So, bread dough or all-purpose? 

thanks, 

Sal.


----------



## the-boy-nurse (Aug 9, 2010)

Wow pizza in a toaster oven, color me impressed. As far as flour goes the question of quality is not so much bread flour to all purpose but rather bleached or unbleached. White flour doesn't start out white, but yellow. It turns white if properly aged, or if it is bleached. Properly aged flour has a higher gluten content. The designation bread flour indicates it is not bleached (at least in America). All-purpose flour can be either. If the all-purpose flour is bleached by all means use the bread flour, which is likely more expensive. If the all-purpose flour is unbleached it should serve the purpose of pizza dough just fine, and is likely cheaper.

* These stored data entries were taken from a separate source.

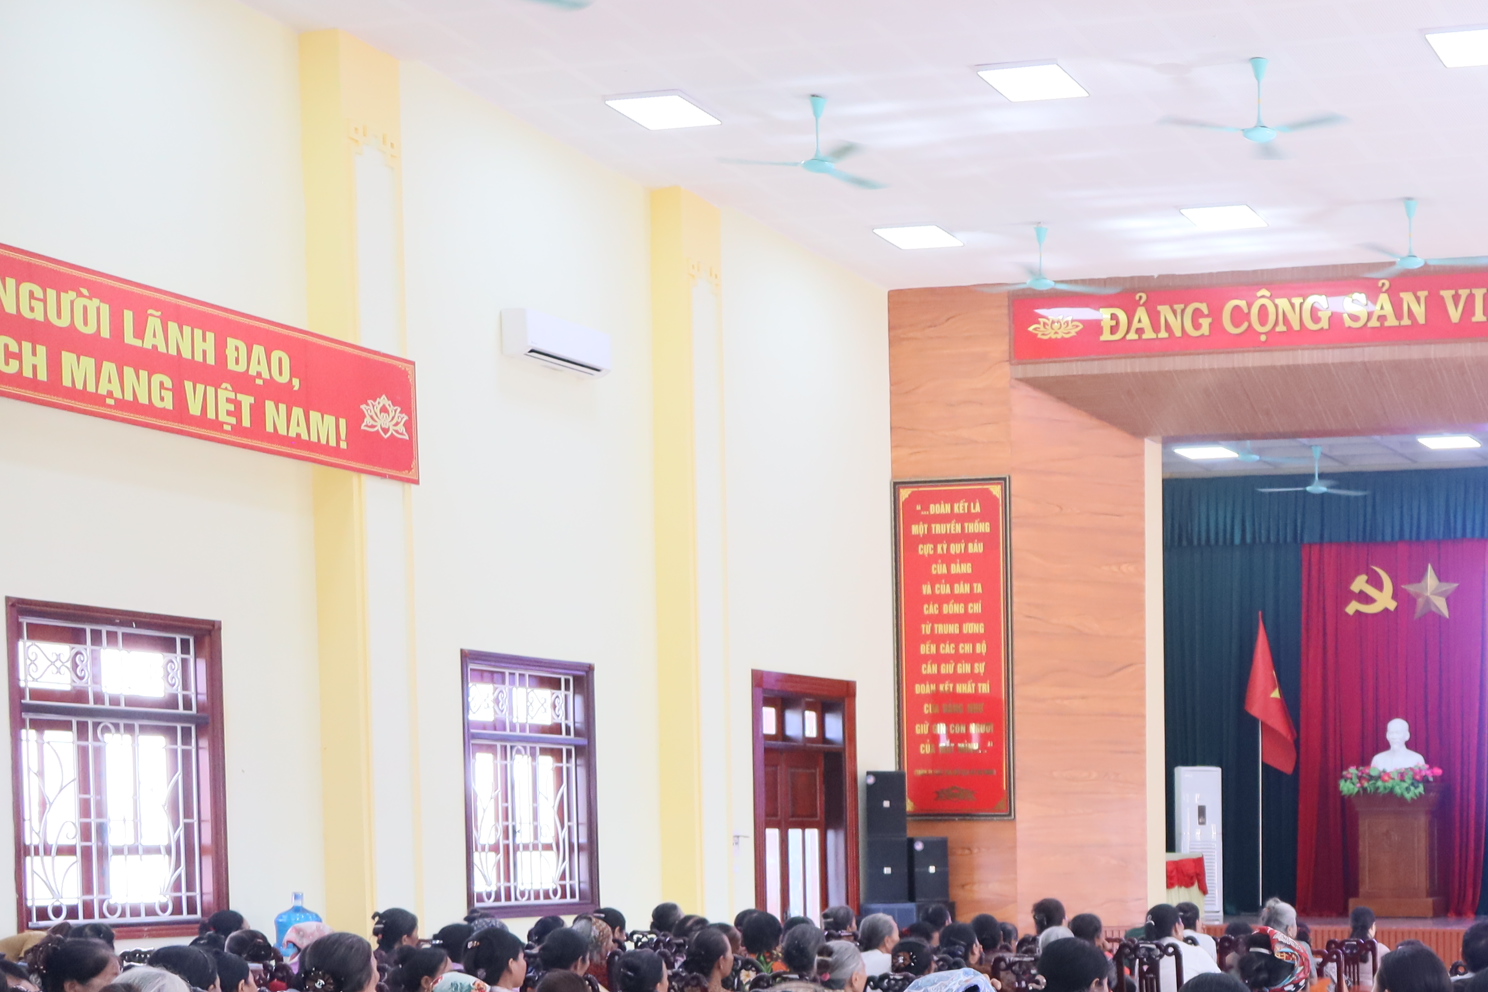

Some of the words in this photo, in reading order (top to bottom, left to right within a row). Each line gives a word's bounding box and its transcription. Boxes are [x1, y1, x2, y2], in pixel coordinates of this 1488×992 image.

[0, 276, 111, 338] NGƯỜI
[123, 309, 216, 365] LÃNH
[226, 337, 300, 391] ĐẠO,
[1100, 292, 1212, 341] ĐẢNG
[1221, 288, 1330, 342] CỘNG
[1342, 280, 1428, 328] SẢN
[62, 350, 174, 411] MẠNG
[184, 380, 255, 432] VIỆT
[265, 403, 348, 449] NAM!
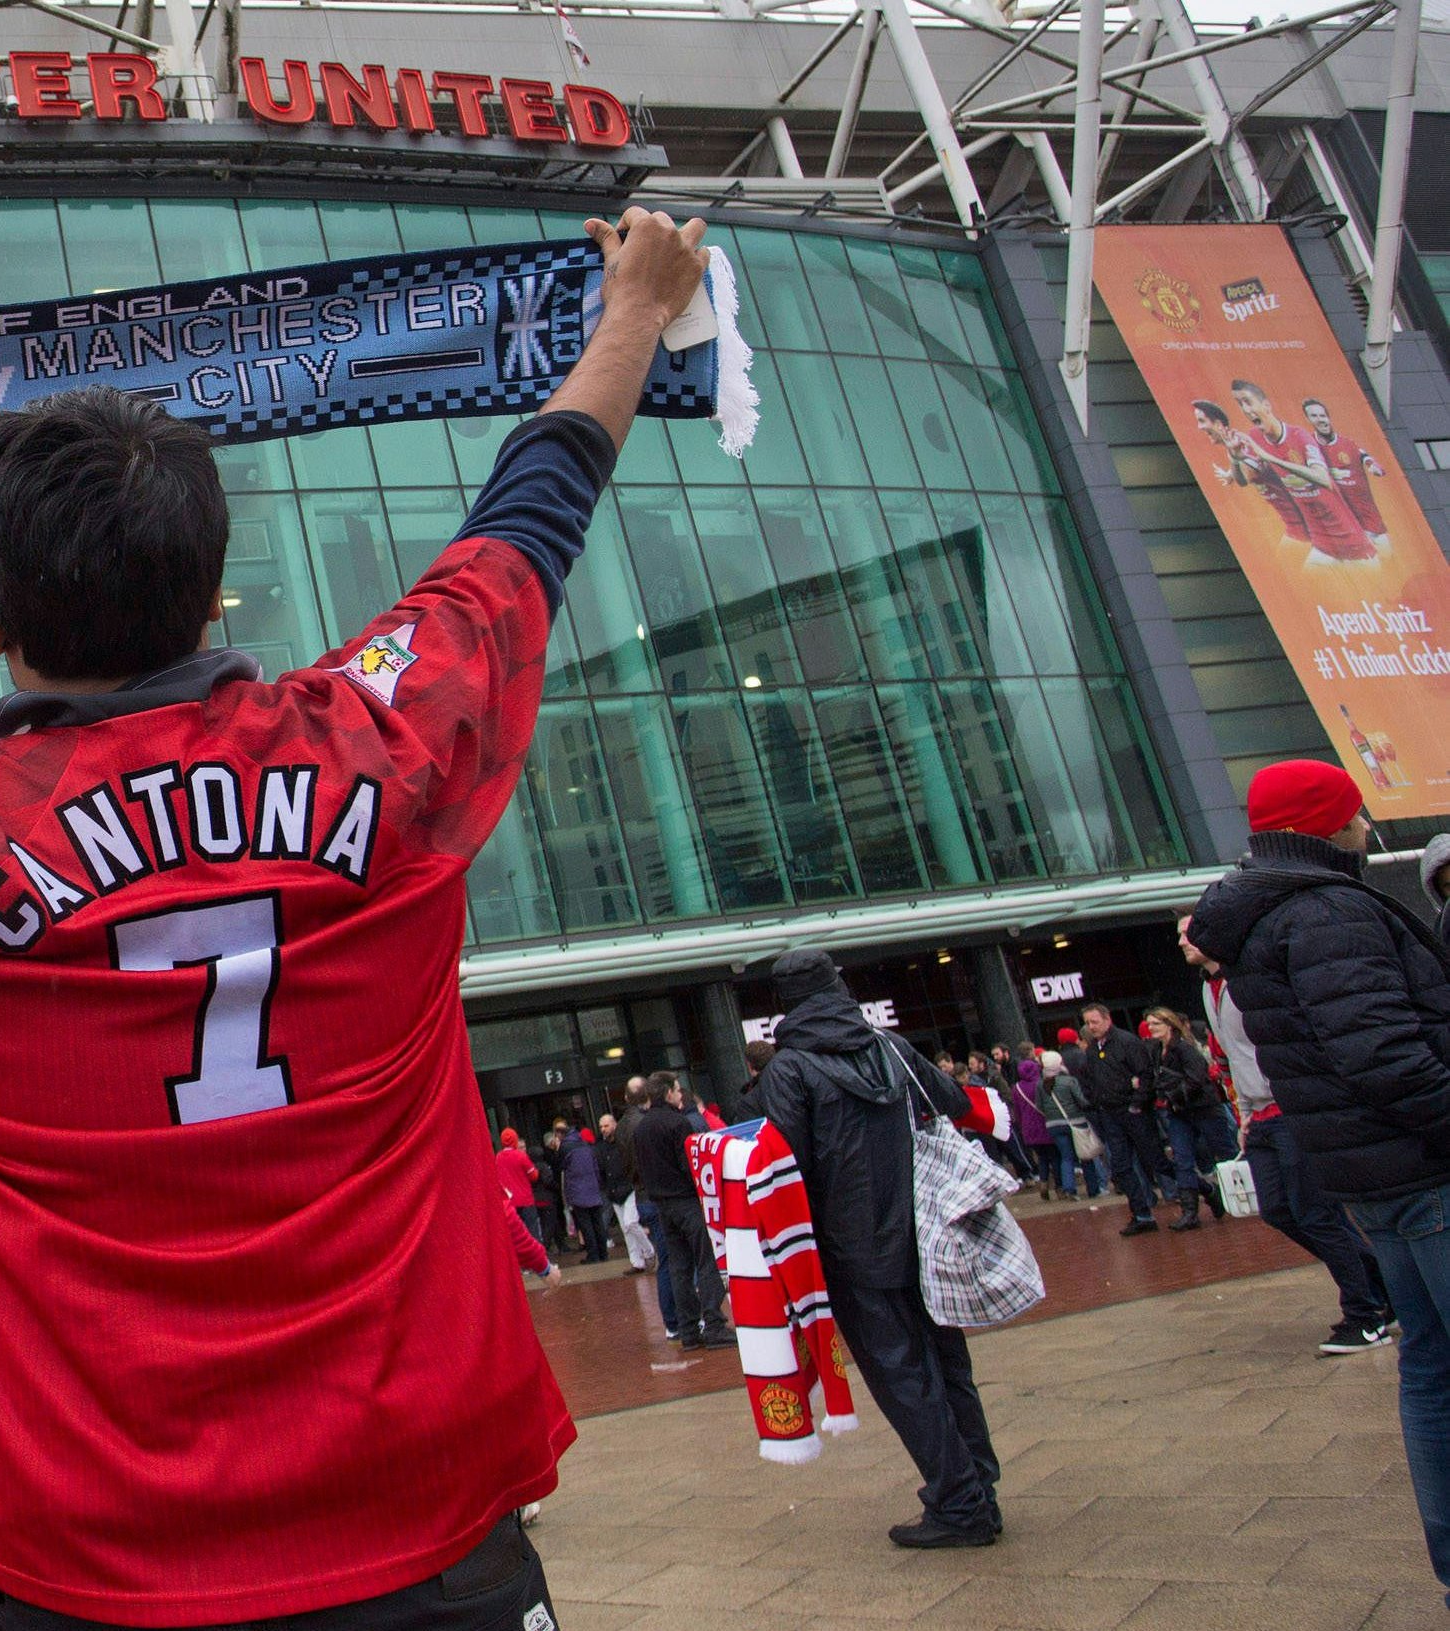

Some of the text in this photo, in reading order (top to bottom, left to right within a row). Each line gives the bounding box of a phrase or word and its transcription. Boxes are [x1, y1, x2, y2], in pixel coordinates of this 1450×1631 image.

On a side note, if you find pizza in a toaster oven limiting (Lord knows I would) Try grilling it. Here is a thread regarding just that, and I'm sure it's not the only one.


----------



## petemccracken (Sep 18, 2008)

Interesting, and all this time I though "bread flour" was higher in protein than all-purpose, I didn't realize it had anything to do with "bleached" or "unbleached", I guess one learns something every day.


----------



## boar_d_laze (Feb 13, 2008)

Bread flour IS higher protein than AP flour. However, there are no hard and fast national standards. A few APs (notably King Arthur) would be considered "bread" where local AP flour (the South) is relatively low in protein. The particular type of proteins we're talkin' about in wheat flour ARE glutens.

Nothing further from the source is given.